● **Assignment**
The expected output is every record below, transcribed exactly, with the pictures left out.

● **Entries provided**
☆ ☆ ☆ ☆ ☆
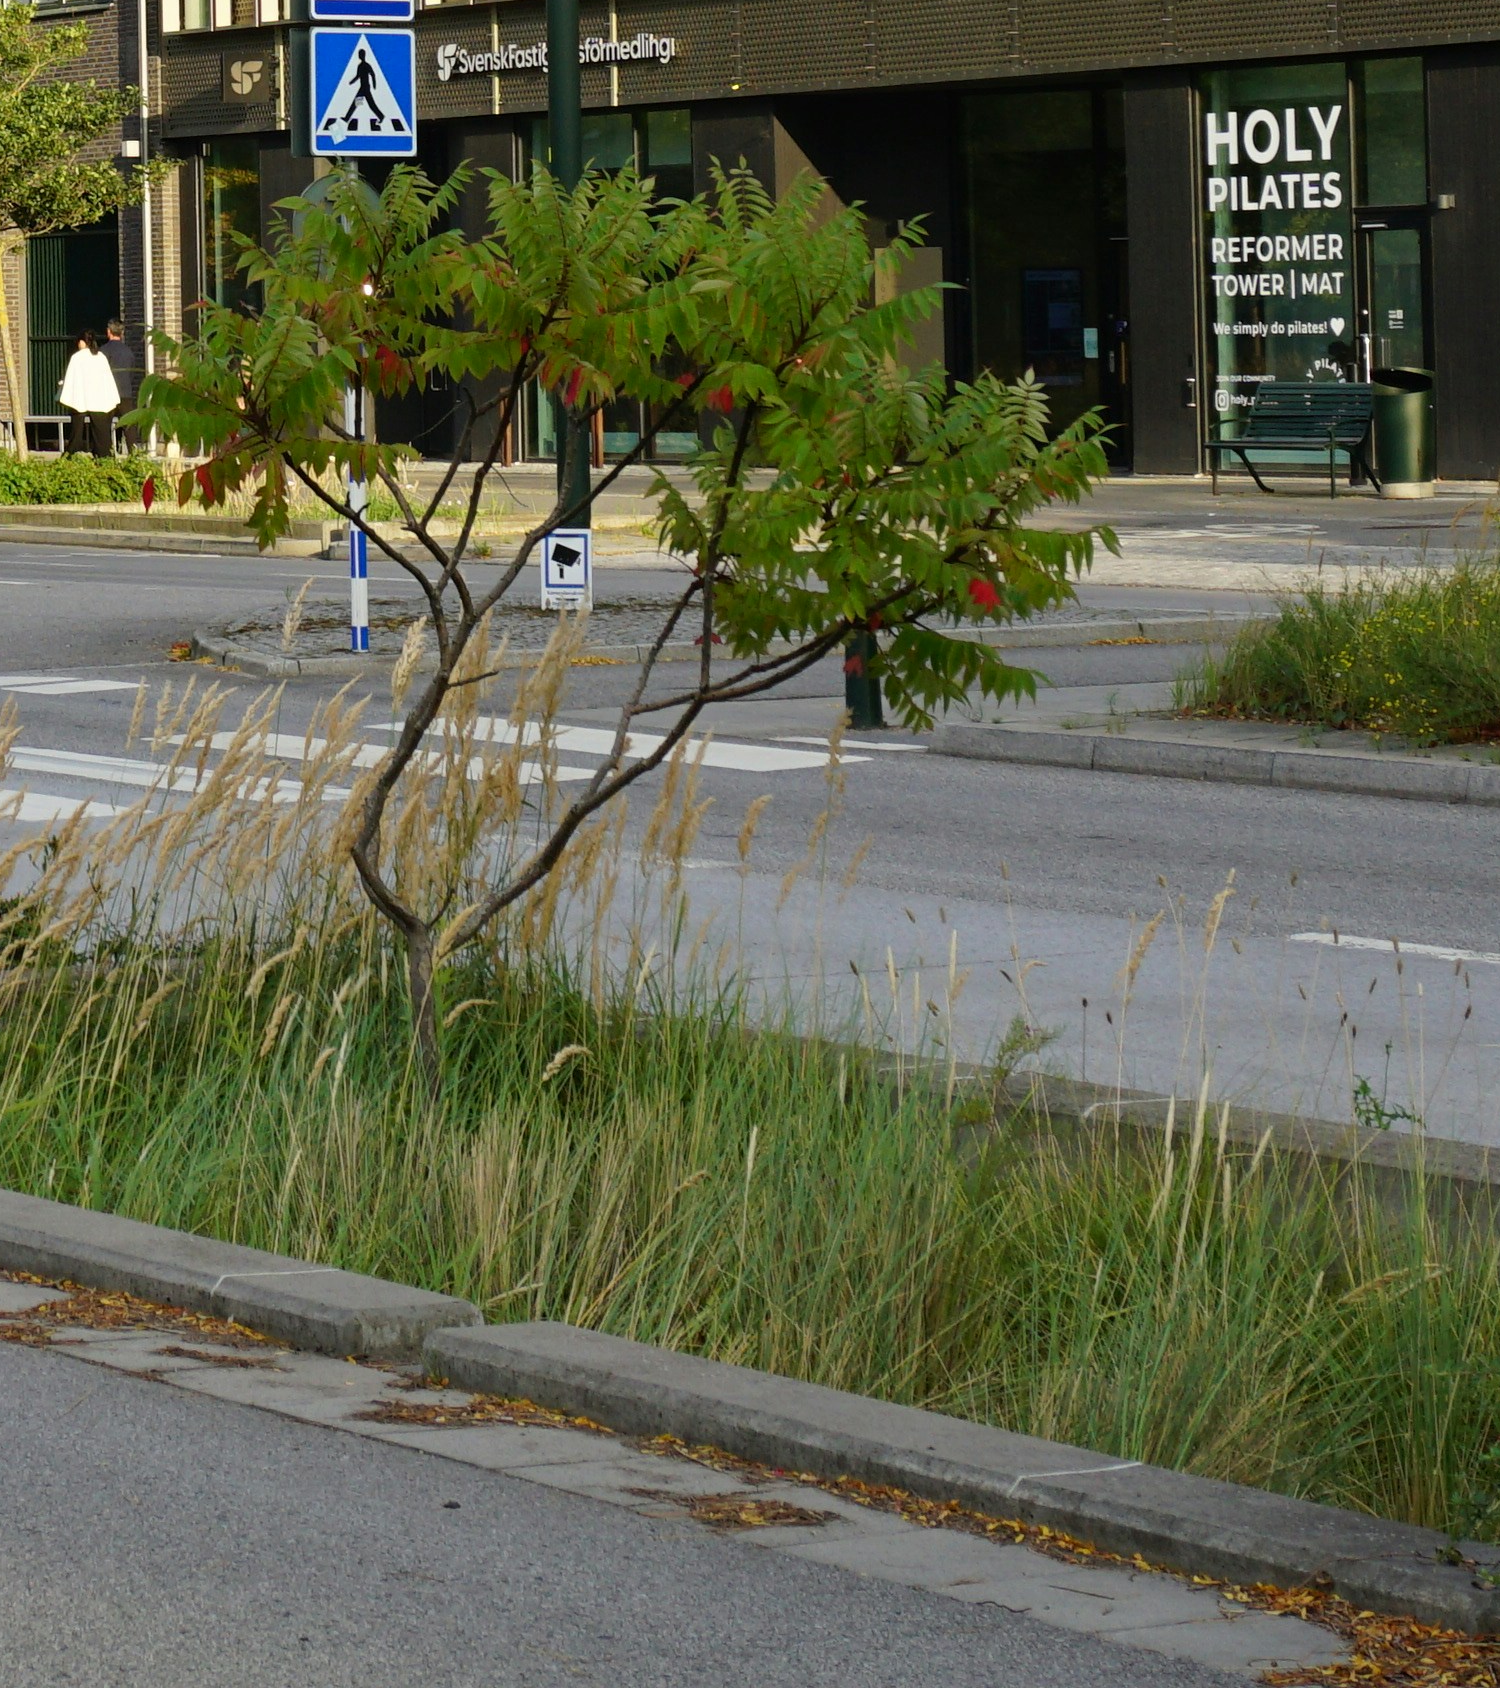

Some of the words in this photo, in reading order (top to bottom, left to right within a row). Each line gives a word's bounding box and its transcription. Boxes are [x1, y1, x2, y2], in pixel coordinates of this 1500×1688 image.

[1207, 105, 1342, 165] HOLY
[1208, 172, 1342, 212] PILATES
[1211, 233, 1343, 263] REFORMER
[1212, 274, 1284, 297] TOWER
[1302, 272, 1344, 295] MAT
[1213, 322, 1231, 335] We
[1233, 321, 1268, 337] simply
[1271, 320, 1285, 334] do
[1287, 320, 1328, 337] pilates!
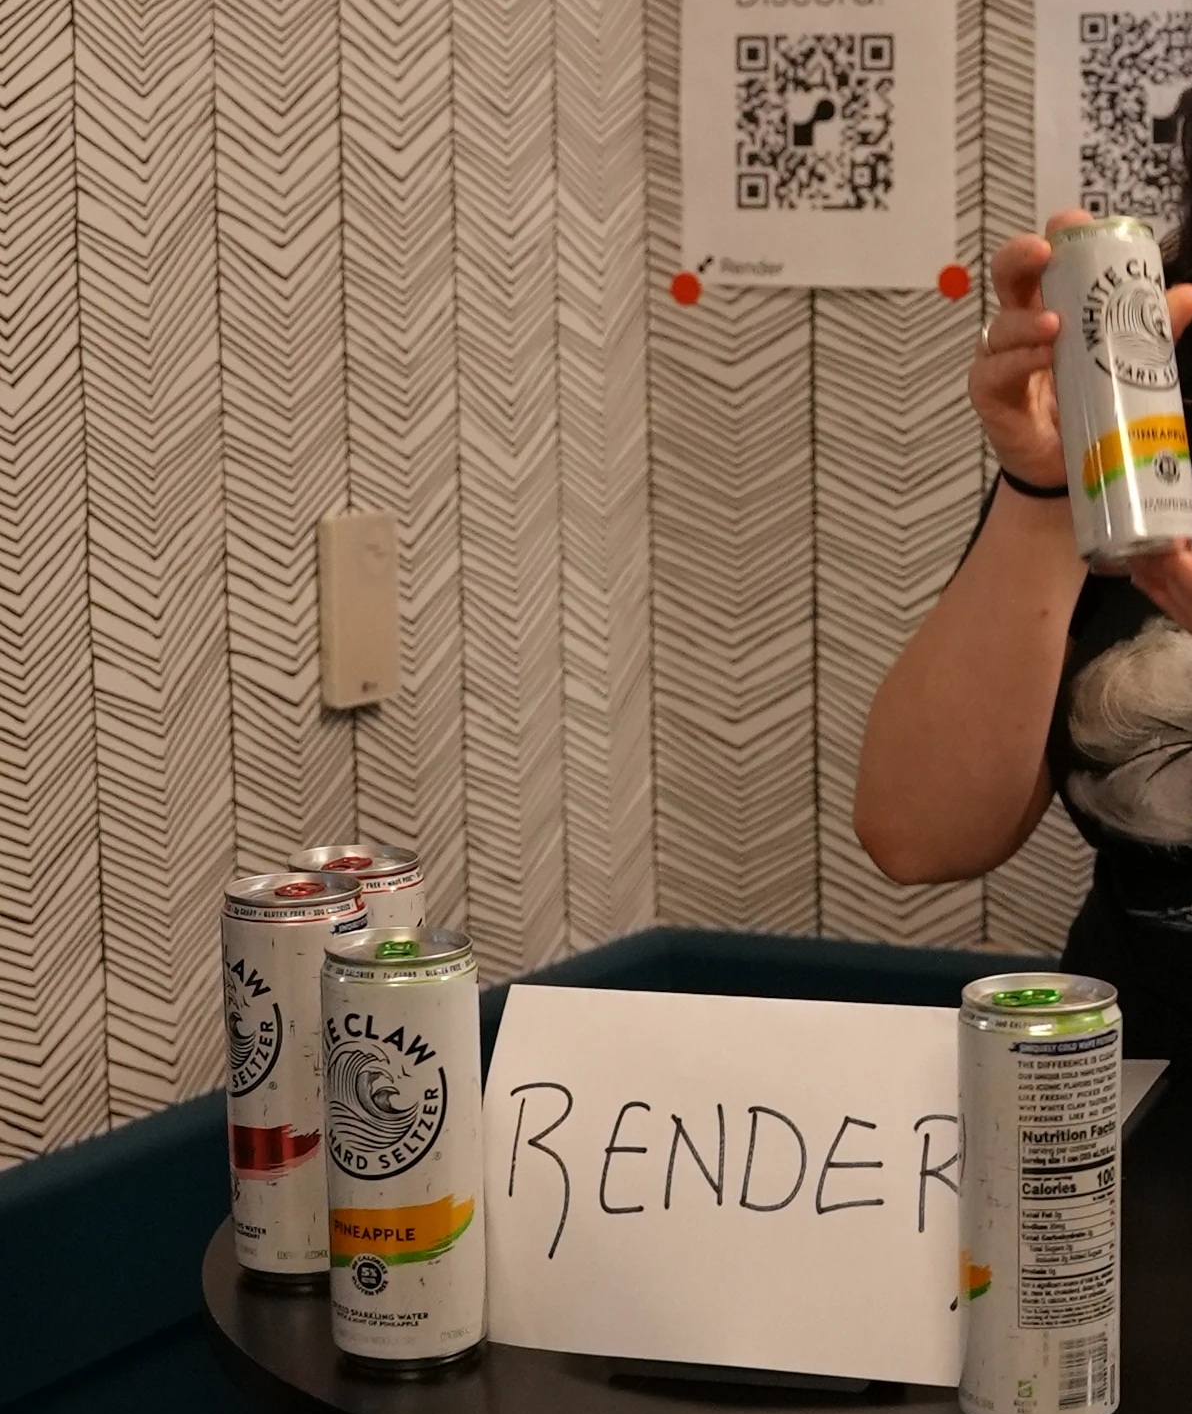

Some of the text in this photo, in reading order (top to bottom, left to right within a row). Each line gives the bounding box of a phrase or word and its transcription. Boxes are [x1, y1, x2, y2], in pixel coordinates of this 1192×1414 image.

[720, 257, 784, 276] Render
[1082, 258, 1165, 351] WHITE CLA
[225, 945, 271, 998] LAW
[232, 1021, 274, 1088] SELTZER
[344, 1013, 436, 1066] CLAW
[329, 1087, 439, 1170] HARD SELTZER
[1022, 1120, 1116, 1143] Nutrition Facts
[509, 1081, 959, 1259] RENDER
[1022, 1181, 1076, 1195] Calories
[333, 1219, 416, 1242] PINEAPPLE
[351, 1308, 429, 1320] SPARKLING WATER
☆ ☆ ☆ ☆ ☆
● **Response area**
Some of the words in this photo, in reading order (top to bottom, left to right within a row). Each line gives a word's bounding box and its transcription. Boxes are [x1, y1, x2, y2], in pixel coordinates of this 1500×1688 image.

[1207, 105, 1342, 165] HOLY
[1208, 172, 1342, 212] PILATES
[1211, 233, 1343, 263] REFORMER
[1212, 274, 1284, 297] TOWER
[1302, 272, 1344, 295] MAT
[1213, 322, 1231, 335] We
[1233, 321, 1268, 337] simply
[1271, 320, 1285, 334] do
[1287, 320, 1328, 337] pilates!

Some of the text in this photo, in reading order (top to bottom, left to right within a row). Each line gives the bounding box of a phrase or word and its transcription. Boxes are [x1, y1, x2, y2], in pixel coordinates of this 1192×1414 image.

[720, 257, 784, 276] Render
[1082, 258, 1165, 351] WHITE CLA
[225, 945, 271, 998] LAW
[232, 1021, 274, 1088] SELTZER
[344, 1013, 436, 1066] CLAW
[329, 1087, 439, 1170] HARD SELTZER
[1022, 1120, 1116, 1143] Nutrition Facts
[509, 1081, 959, 1259] RENDER
[1022, 1181, 1076, 1195] Calories
[333, 1219, 416, 1242] PINEAPPLE
[351, 1308, 429, 1320] SPARKLING WATER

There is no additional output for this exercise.